## WHAT IS REQUIRED
The entries below are to be retyped exactly. Preserve every word.

══════════════════════════════

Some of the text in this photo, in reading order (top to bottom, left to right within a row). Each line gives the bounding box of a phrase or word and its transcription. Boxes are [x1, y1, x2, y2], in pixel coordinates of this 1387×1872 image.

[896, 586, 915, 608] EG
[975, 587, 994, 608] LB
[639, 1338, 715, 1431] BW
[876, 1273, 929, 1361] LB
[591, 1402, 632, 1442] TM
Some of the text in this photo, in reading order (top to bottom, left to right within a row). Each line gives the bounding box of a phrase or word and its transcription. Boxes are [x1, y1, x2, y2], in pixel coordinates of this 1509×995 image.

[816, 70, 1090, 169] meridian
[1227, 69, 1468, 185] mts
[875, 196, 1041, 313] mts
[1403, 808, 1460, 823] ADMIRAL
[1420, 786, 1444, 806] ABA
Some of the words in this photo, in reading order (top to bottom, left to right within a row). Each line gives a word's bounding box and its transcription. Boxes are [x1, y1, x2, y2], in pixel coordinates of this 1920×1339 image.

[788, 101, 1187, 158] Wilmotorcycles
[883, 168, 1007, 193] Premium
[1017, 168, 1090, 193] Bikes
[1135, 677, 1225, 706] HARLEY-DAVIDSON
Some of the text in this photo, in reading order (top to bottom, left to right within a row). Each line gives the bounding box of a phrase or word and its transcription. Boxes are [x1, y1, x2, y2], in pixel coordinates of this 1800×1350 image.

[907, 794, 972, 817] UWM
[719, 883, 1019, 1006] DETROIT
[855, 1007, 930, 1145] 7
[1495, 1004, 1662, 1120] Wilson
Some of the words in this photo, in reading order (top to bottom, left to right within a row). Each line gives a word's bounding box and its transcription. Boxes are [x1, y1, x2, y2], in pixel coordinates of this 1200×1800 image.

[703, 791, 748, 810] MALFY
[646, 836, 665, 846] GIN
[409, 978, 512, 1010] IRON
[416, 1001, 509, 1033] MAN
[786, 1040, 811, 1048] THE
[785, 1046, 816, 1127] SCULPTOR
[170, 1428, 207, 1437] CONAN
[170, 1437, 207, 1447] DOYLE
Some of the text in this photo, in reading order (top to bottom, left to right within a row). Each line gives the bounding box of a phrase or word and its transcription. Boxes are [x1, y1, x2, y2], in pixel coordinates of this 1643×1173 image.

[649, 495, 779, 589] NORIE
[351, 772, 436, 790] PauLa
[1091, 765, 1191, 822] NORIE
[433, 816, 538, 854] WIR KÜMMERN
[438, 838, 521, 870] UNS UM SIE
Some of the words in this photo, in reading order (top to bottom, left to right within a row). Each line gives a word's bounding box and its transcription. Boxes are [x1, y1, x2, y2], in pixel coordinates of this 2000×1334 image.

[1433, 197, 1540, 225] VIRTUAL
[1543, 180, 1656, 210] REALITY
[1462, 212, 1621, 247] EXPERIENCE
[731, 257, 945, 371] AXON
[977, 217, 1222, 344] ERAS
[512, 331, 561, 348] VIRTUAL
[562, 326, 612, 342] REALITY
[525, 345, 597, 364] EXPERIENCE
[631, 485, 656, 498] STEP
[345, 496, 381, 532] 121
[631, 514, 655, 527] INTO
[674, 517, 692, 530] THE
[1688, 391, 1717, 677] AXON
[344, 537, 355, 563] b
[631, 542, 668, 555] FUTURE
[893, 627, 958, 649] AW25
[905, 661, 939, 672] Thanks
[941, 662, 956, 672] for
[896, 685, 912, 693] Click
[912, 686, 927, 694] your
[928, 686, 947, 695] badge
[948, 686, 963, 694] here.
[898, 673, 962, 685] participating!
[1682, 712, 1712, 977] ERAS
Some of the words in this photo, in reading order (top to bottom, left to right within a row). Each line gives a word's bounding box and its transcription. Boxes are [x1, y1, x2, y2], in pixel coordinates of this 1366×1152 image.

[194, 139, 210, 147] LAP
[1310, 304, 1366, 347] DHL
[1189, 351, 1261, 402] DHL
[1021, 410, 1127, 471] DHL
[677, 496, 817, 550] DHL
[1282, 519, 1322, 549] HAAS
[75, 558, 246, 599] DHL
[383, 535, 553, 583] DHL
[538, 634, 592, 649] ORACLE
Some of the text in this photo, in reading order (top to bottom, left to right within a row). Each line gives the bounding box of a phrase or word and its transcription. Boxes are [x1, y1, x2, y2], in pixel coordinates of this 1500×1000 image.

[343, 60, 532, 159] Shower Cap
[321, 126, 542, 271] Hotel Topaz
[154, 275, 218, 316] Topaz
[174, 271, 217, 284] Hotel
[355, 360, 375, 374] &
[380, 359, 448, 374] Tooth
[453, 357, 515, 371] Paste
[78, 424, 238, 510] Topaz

══════════════════════════════

## SOLVED EXERCISE
Some of the text in this photo, in reading order (top to bottom, left to right within a row). Each line gives the bounding box of a phrase or word and its transcription. Boxes are [x1, y1, x2, y2], in pixel coordinates of this 1387×1872 image.

[896, 586, 915, 608] EG
[975, 587, 994, 608] LB
[639, 1338, 715, 1431] BW
[876, 1273, 929, 1361] LB
[591, 1402, 632, 1442] TM
Some of the text in this photo, in reading order (top to bottom, left to right within a row). Each line gives the bounding box of a phrase or word and its transcription. Boxes are [x1, y1, x2, y2], in pixel coordinates of this 1509×995 image.

[816, 70, 1090, 169] meridian
[1227, 69, 1468, 185] mts
[875, 196, 1041, 313] mts
[1403, 808, 1460, 823] ADMIRAL
[1420, 786, 1444, 806] ABA
Some of the words in this photo, in reading order (top to bottom, left to right within a row). Each line gives a word's bounding box and its transcription. Boxes are [x1, y1, x2, y2], in pixel coordinates of this 1920×1339 image.

[788, 101, 1187, 158] Wilmotorcycles
[883, 168, 1007, 193] Premium
[1017, 168, 1090, 193] Bikes
[1135, 677, 1225, 706] HARLEY-DAVIDSON
Some of the text in this photo, in reading order (top to bottom, left to right within a row). Each line gives the bounding box of a phrase or word and its transcription. Boxes are [x1, y1, x2, y2], in pixel coordinates of this 1800×1350 image.

[907, 794, 972, 817] UWM
[719, 883, 1019, 1006] DETROIT
[855, 1007, 930, 1145] 7
[1495, 1004, 1662, 1120] Wilson
Some of the words in this photo, in reading order (top to bottom, left to right within a row). Each line gives a word's bounding box and its transcription. Boxes are [x1, y1, x2, y2], in pixel coordinates of this 1200×1800 image.

[703, 791, 748, 810] MALFY
[646, 836, 665, 846] GIN
[409, 978, 512, 1010] IRON
[416, 1001, 509, 1033] MAN
[786, 1040, 811, 1048] THE
[785, 1046, 816, 1127] SCULPTOR
[170, 1428, 207, 1437] CONAN
[170, 1437, 207, 1447] DOYLE
Some of the text in this photo, in reading order (top to bottom, left to right within a row). Each line gives the bounding box of a phrase or word and its transcription. Boxes are [x1, y1, x2, y2], in pixel coordinates of this 1643×1173 image.

[649, 495, 779, 589] NORIE
[351, 772, 436, 790] PauLa
[1091, 765, 1191, 822] NORIE
[433, 816, 538, 854] WIR KÜMMERN
[438, 838, 521, 870] UNS UM SIE
Some of the words in this photo, in reading order (top to bottom, left to right within a row). Each line gives a word's bounding box and its transcription. Boxes are [x1, y1, x2, y2], in pixel coordinates of this 2000×1334 image.

[1433, 197, 1540, 225] VIRTUAL
[1543, 180, 1656, 210] REALITY
[1462, 212, 1621, 247] EXPERIENCE
[731, 257, 945, 371] AXON
[977, 217, 1222, 344] ERAS
[512, 331, 561, 348] VIRTUAL
[562, 326, 612, 342] REALITY
[525, 345, 597, 364] EXPERIENCE
[631, 485, 656, 498] STEP
[345, 496, 381, 532] 121
[631, 514, 655, 527] INTO
[674, 517, 692, 530] THE
[1688, 391, 1717, 677] AXON
[344, 537, 355, 563] b
[631, 542, 668, 555] FUTURE
[893, 627, 958, 649] AW25
[905, 661, 939, 672] Thanks
[941, 662, 956, 672] for
[896, 685, 912, 693] Click
[912, 686, 927, 694] your
[928, 686, 947, 695] badge
[948, 686, 963, 694] here.
[898, 673, 962, 685] participating!
[1682, 712, 1712, 977] ERAS
Some of the words in this photo, in reading order (top to bottom, left to right within a row). Each line gives a word's bounding box and its transcription. Boxes are [x1, y1, x2, y2], in pixel coordinates of this 1366×1152 image.

[194, 139, 210, 147] LAP
[1310, 304, 1366, 347] DHL
[1189, 351, 1261, 402] DHL
[1021, 410, 1127, 471] DHL
[677, 496, 817, 550] DHL
[1282, 519, 1322, 549] HAAS
[75, 558, 246, 599] DHL
[383, 535, 553, 583] DHL
[538, 634, 592, 649] ORACLE
Some of the text in this photo, in reading order (top to bottom, left to right within a row). Each line gives the bounding box of a phrase or word and its transcription. Boxes are [x1, y1, x2, y2], in pixel coordinates of this 1500×1000 image.

[343, 60, 532, 159] Shower Cap
[321, 126, 542, 271] Hotel Topaz
[154, 275, 218, 316] Topaz
[174, 271, 217, 284] Hotel
[355, 360, 375, 374] &
[380, 359, 448, 374] Tooth
[453, 357, 515, 371] Paste
[78, 424, 238, 510] Topaz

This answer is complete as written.